FALLS CHURCH, Va. (ABC7/WJLA) – Charles Randolph, despite being out of school and a bit bored, keeps busy thanks to his parents.
Randolph says, “My mom has me on a super strict schedule. It’s not the best thing in the world but, two hours of homework every day, don’t enjoy that often, but you know.”
He also stays up on current events and came up with an idea at his home in Falls Church about helping his uncle and others amid COVID-19 fears.
“I saw in the news that high-risk patients, people with existing diseases like heart problems and asthma, I thought this would help him, " says Randolph.

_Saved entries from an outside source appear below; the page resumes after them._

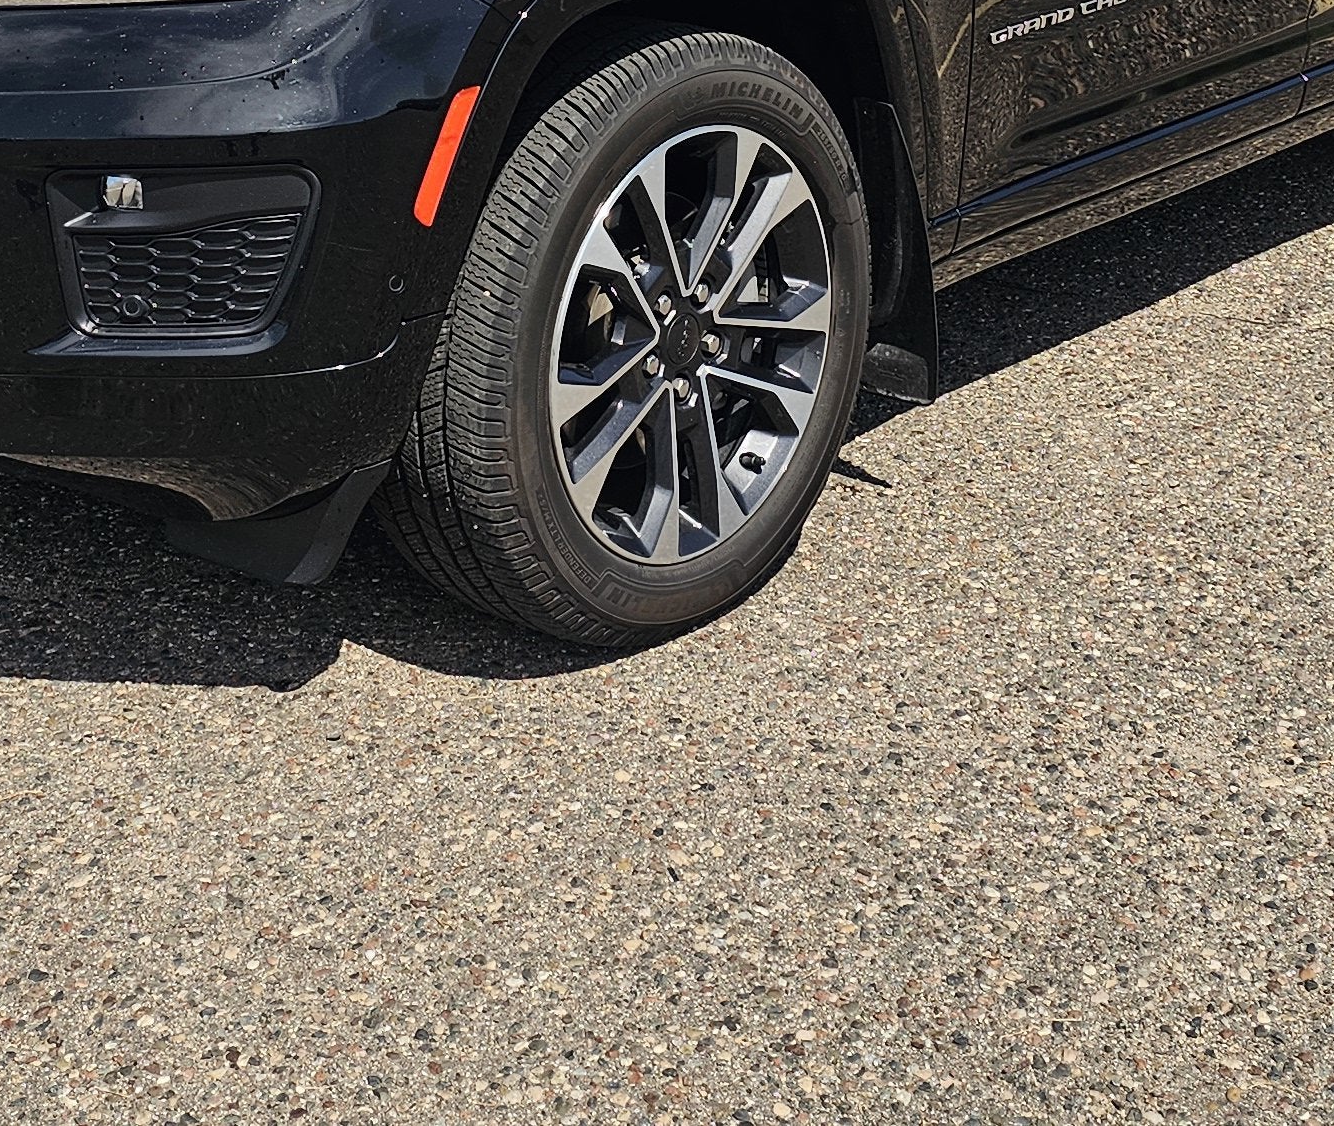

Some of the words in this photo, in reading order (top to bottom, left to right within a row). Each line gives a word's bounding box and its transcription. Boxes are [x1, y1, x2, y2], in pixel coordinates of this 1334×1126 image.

[989, 7, 1075, 45] GRAND
[711, 81, 805, 119] MICHELIN
[558, 540, 592, 583] DEFENDER
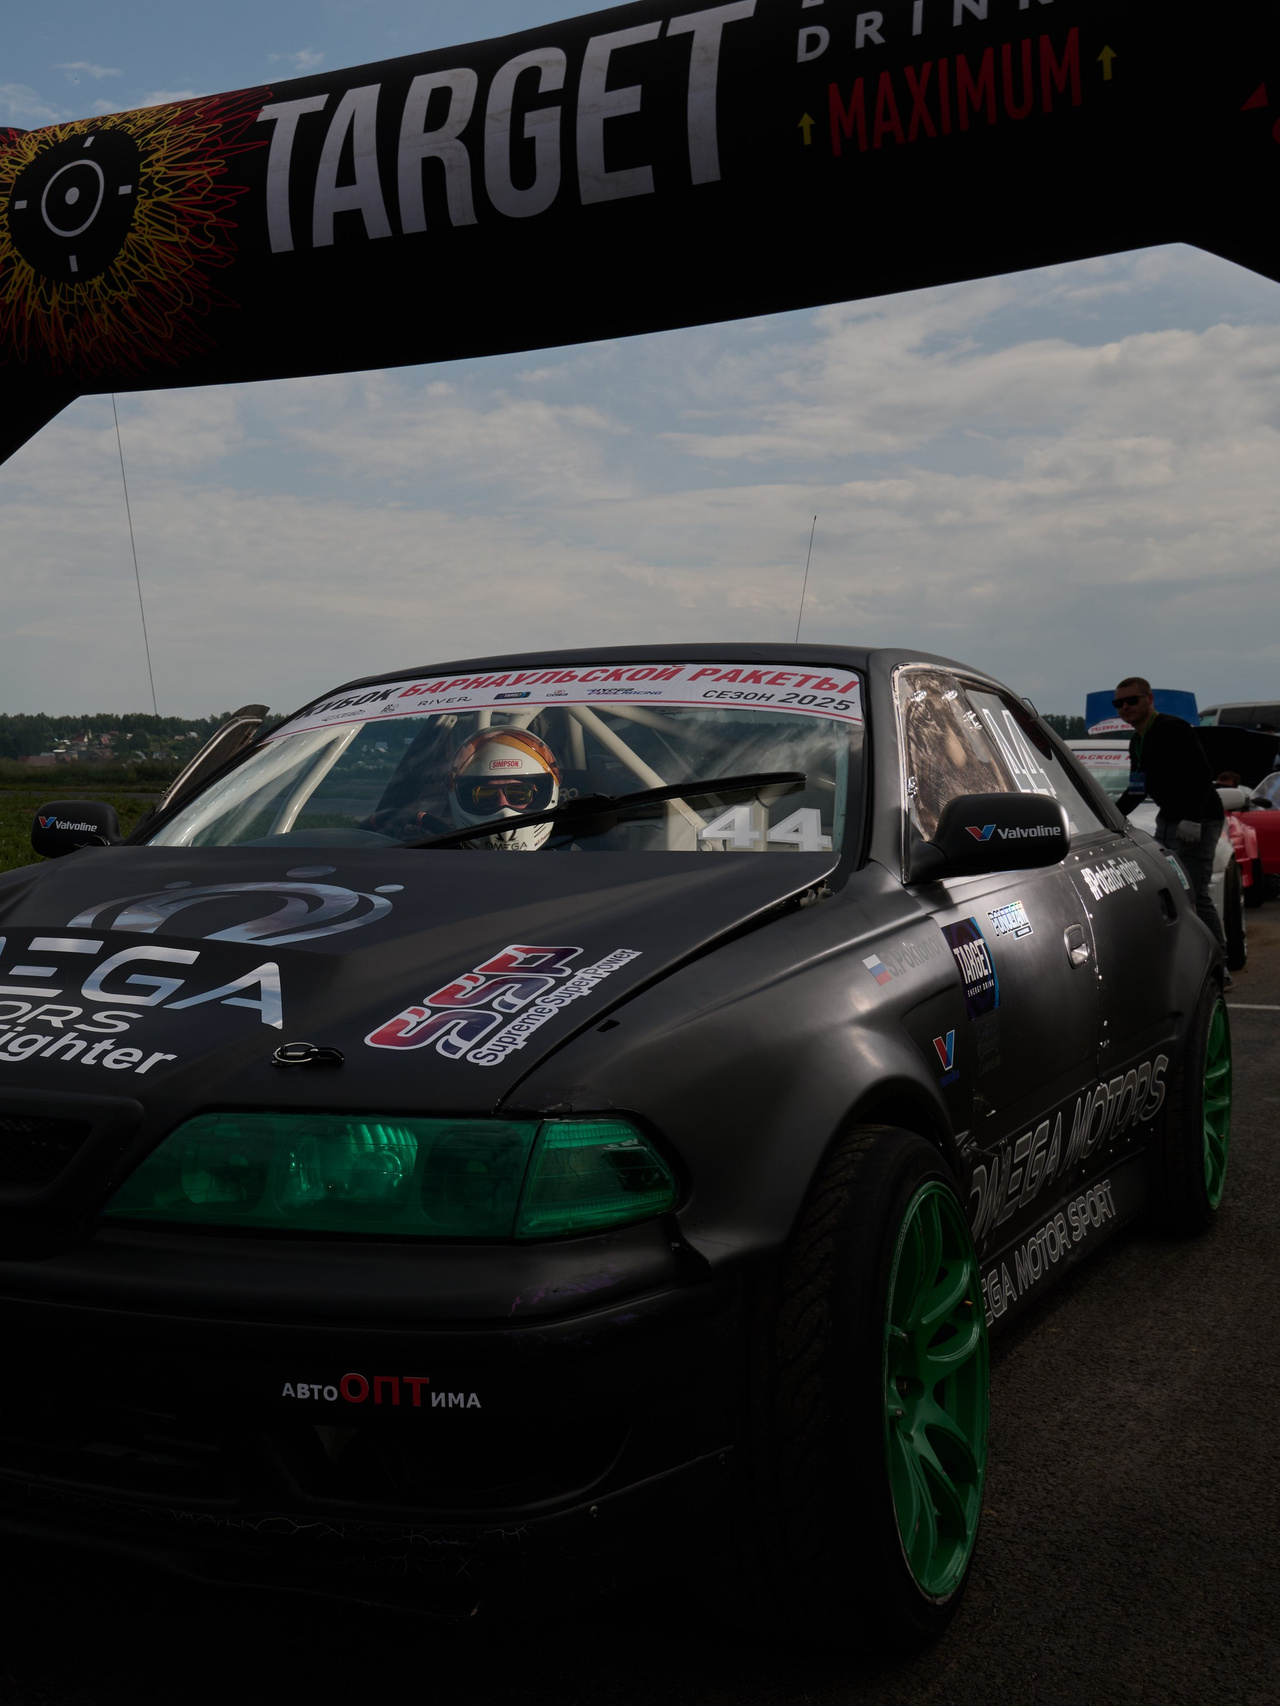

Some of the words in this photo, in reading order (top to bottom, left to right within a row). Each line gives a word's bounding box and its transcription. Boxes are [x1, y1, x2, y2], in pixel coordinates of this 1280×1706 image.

[796, 0, 1056, 64] DRIN
[827, 26, 1083, 158] MAXIMUM
[256, 1, 757, 254] TARGET
[398, 665, 689, 698] БАРНАУЛЬСКОЙ
[687, 667, 860, 695] РАКЕТЫ
[702, 689, 775, 702] СЕЗОН
[778, 692, 855, 711] 2025
[492, 760, 520, 768] SIMPSON
[55, 819, 98, 833] Valvoline
[485, 841, 528, 851] OMEGA
[699, 805, 833, 851] 44
[997, 825, 1062, 840] Valvoline
[953, 938, 993, 985] TARGET
[471, 1004, 553, 1063] Supreme
[542, 976, 595, 1006] Super
[584, 949, 636, 977] Power
[967, 984, 983, 998] ENERGY
[982, 979, 995, 992] DRINK
[1057, 1054, 1169, 1178] MOTORS
[980, 1262, 1018, 1328] EGA
[1015, 1212, 1072, 1295] MOTOR
[1067, 1178, 1116, 1242] SPORT

Charles great uncle in Atlanta, also named Charles, needs a heart transplant. He knows his mom’s uncle could use a mask. So, he made one on his parents' 3D printer.

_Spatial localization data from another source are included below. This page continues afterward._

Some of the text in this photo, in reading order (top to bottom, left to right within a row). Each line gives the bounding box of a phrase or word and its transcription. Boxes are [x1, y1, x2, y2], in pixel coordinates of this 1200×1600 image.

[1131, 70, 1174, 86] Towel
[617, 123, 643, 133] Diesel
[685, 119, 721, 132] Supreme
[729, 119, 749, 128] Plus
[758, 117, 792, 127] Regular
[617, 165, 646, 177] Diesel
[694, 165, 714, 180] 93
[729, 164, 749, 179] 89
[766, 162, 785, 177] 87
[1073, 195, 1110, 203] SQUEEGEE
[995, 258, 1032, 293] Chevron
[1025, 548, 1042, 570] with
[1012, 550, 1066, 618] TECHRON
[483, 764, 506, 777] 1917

“My dad and mom signed me up for enrichment classes when I was younger.”
And that's where he learned about 3D technology. Charles has graduated from making toys on the printer to creating a mask he got off a public domain web site.
“You use a slicer which takes the product that you got off Thingiverse and it turns it into code that the 3D printer can read. This is the first real, useful thing that I’ve made," adds Randolph.
So in about 90 minutes, at a cost of about a dollar a mask, Charles Randolph is making a difference. Now Charles is cranking out more, researching where he can donate them.
Randolph says, “It may not be 100 percent of a filtration system but it works.”
No, they probably wouldn’t work perfectly for a doctor or nurse on the front lines of this pandemic. But for a great uncle in Georgia, it may get him to the transplant he desperately needs.
Randolph says, “I feel pretty good. I’m pretty quiet, chill. Yeah, I feel pretty good about this.”
Oh, and did we mention that Randolph is 13 years old.
“I’m just waiting for another idea to pop up in my head,” says Randolph.
So are we.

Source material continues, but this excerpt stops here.